**What needs to be done:** Each entry is to be retyped exactly as it stands.

**Dataset records:**
BEGIN
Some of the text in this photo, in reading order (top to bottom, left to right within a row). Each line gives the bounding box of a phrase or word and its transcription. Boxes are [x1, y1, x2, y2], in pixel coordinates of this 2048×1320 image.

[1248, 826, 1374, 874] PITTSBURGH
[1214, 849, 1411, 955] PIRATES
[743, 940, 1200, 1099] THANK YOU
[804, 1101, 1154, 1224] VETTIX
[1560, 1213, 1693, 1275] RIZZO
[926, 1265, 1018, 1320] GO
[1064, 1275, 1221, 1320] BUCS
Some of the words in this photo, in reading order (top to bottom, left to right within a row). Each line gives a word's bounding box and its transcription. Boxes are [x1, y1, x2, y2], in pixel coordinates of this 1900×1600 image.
END
**Answer box:**
Some of the text in this photo, in reading order (top to bottom, left to right within a row). Each line gives the bounding box of a phrase or word and its transcription. Boxes are [x1, y1, x2, y2], in pixel coordinates of this 2048×1320 image.

[1248, 826, 1374, 874] PITTSBURGH
[1214, 849, 1411, 955] PIRATES
[743, 940, 1200, 1099] THANK YOU
[804, 1101, 1154, 1224] VETTIX
[1560, 1213, 1693, 1275] RIZZO
[926, 1265, 1018, 1320] GO
[1064, 1275, 1221, 1320] BUCS
Some of the words in this photo, in reading order (top to bottom, left to right within a row). Each line gives a word's bounding box and its transcription. Boxes are [x1, y1, x2, y2], in pixel coordinates of this 1900×1600 image.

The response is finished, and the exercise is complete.